Postby vijayjohn » 2018-07-02, 16:00

Today, as I said before, I'll talk about other ways to say 'no' and about the direct objects of verbs having to do with emotions.

I've said before that the way you usually say 'yes' in Malayalam is to repeat the main verb in a sentence. Similarly, to say 'no', we just use the negative form of that verb. Since most verbs in Malayalam are negated using ഇല്ല illa anyway, we can usually use ഇല്ല by itself instead of the entire negative form of the verb. However, when we're responding to a question about whether we want something and saying 'no', then we instead use the negative form of that verb, i.e. വേണ്ട vENDa.

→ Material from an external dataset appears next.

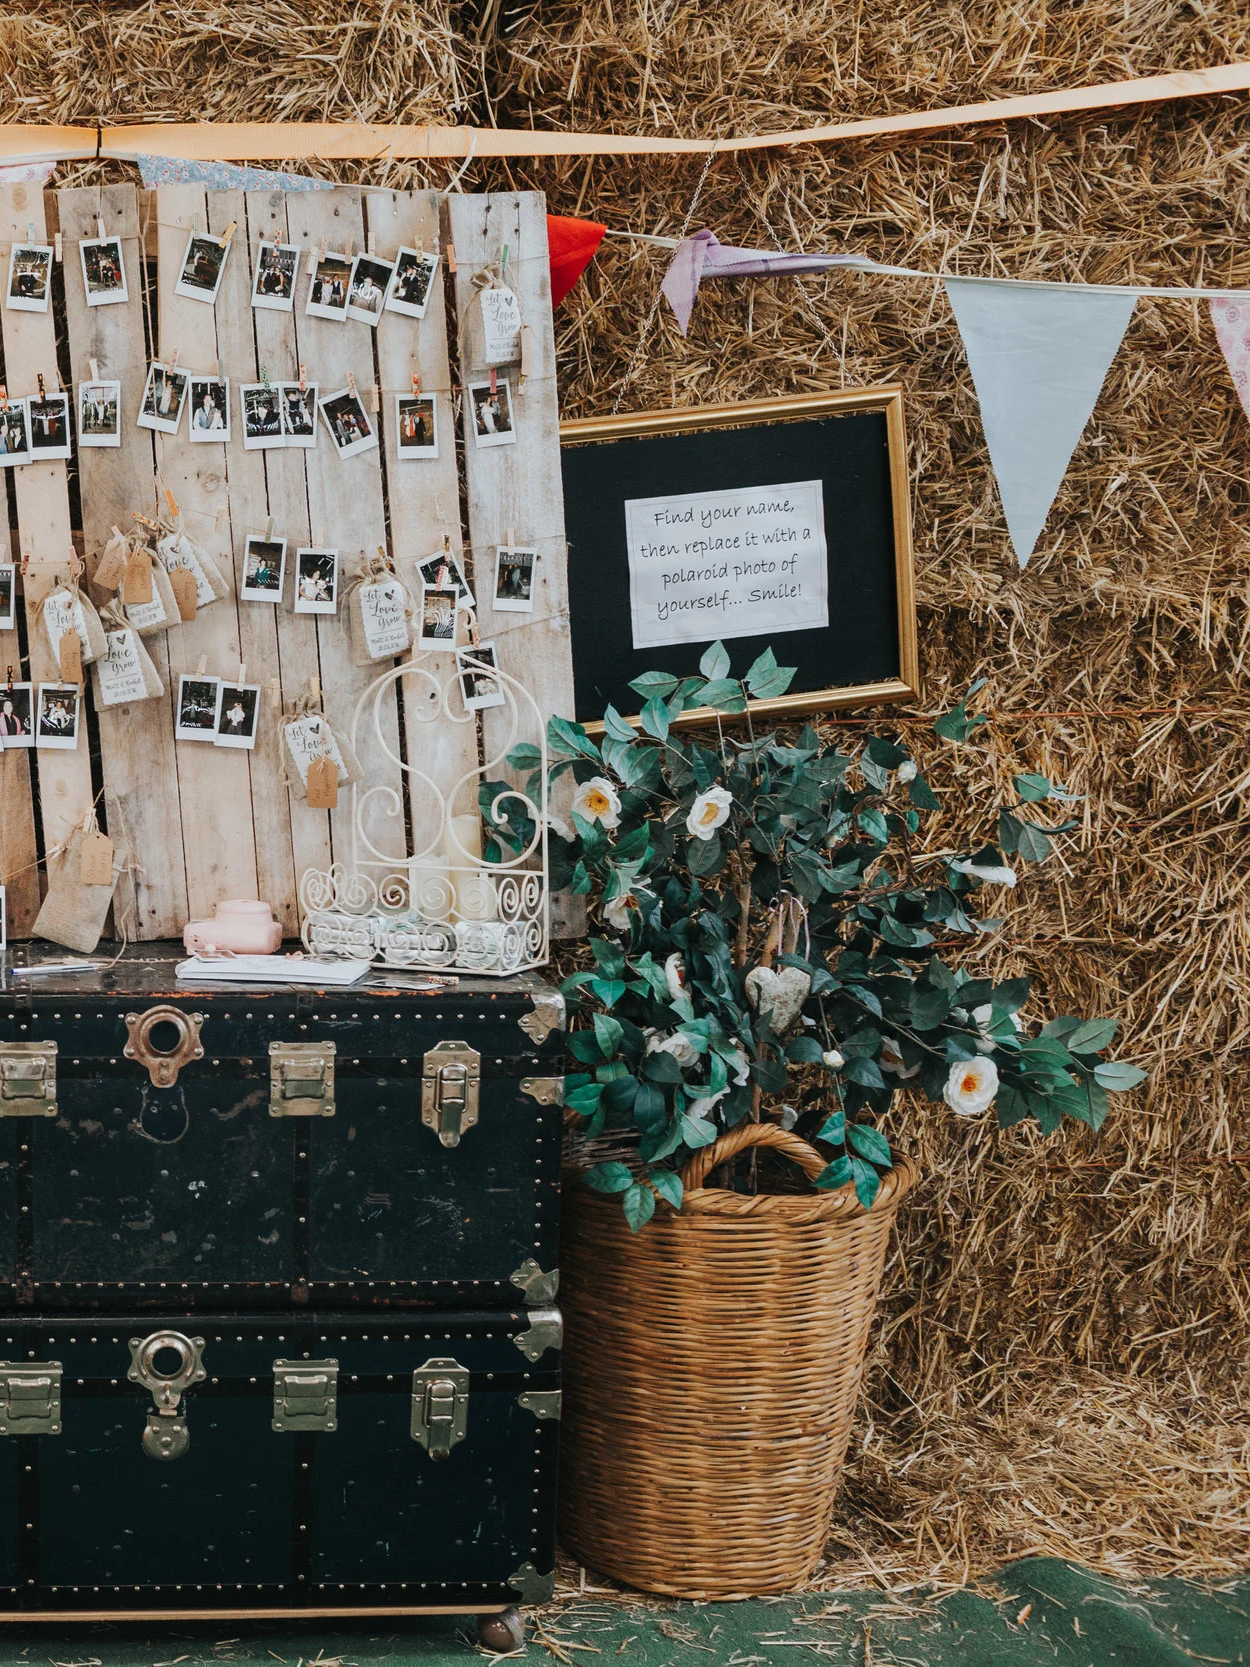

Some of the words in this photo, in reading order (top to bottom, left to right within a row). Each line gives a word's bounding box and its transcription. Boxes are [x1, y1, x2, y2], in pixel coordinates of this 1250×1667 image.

A verb like വേണ്ട can take a direct object in accusative case even though the subject has to be in dative case. However, for some verbs that require the subject to be in dative case, the direct object (or at least, the direct object in the English equivalent) isn't necessarily in accusative case. For example, if you wanted to say 'I like him' in Malayalam, what you would literally say is 'I have a liking to/for him'. One way you could say this is എനിക്ക് അവന് ഒരു ഇഷ്ടം ഉണ്ട് enikk avan oru ishTam uND(u). This could perhaps be ambiguous since both 'I' and 'him' are in dative case, so it could also mean 'he likes me' rather than 'I like him', although 'I like him' would probably be the more likely interpretation given the word order. oru ishTam may also be pronounced more like orishTam colloquially/when you're speaking casually or normally.

Another way you could say it that's not ambiguous is എനിക്ക് അവനോട് ഒരു ഇഷ്ടം ഉണ്ട് enikk avanOT [oru ishTam]/[orishTam] uND(u). Here, അവനോട് avanOT(u) is in sociative case, and this sentence can only mean 'I like him', not 'he likes me'. These are not the only ways you can say 'I like him'; you could also say 'I felt a liking to him', i.e. എനിക്ക് അവന്/അവനോട് ഒരു ഇഷ്ടം തോന്നി. enikk avan/avanOT oru ishTam thOnni. You could even just say എനിക്ക് അവന്/അവനോട് ഇഷ്ടമാ(ണ്). enikk avan/avanOT ishTamaa(N(u)).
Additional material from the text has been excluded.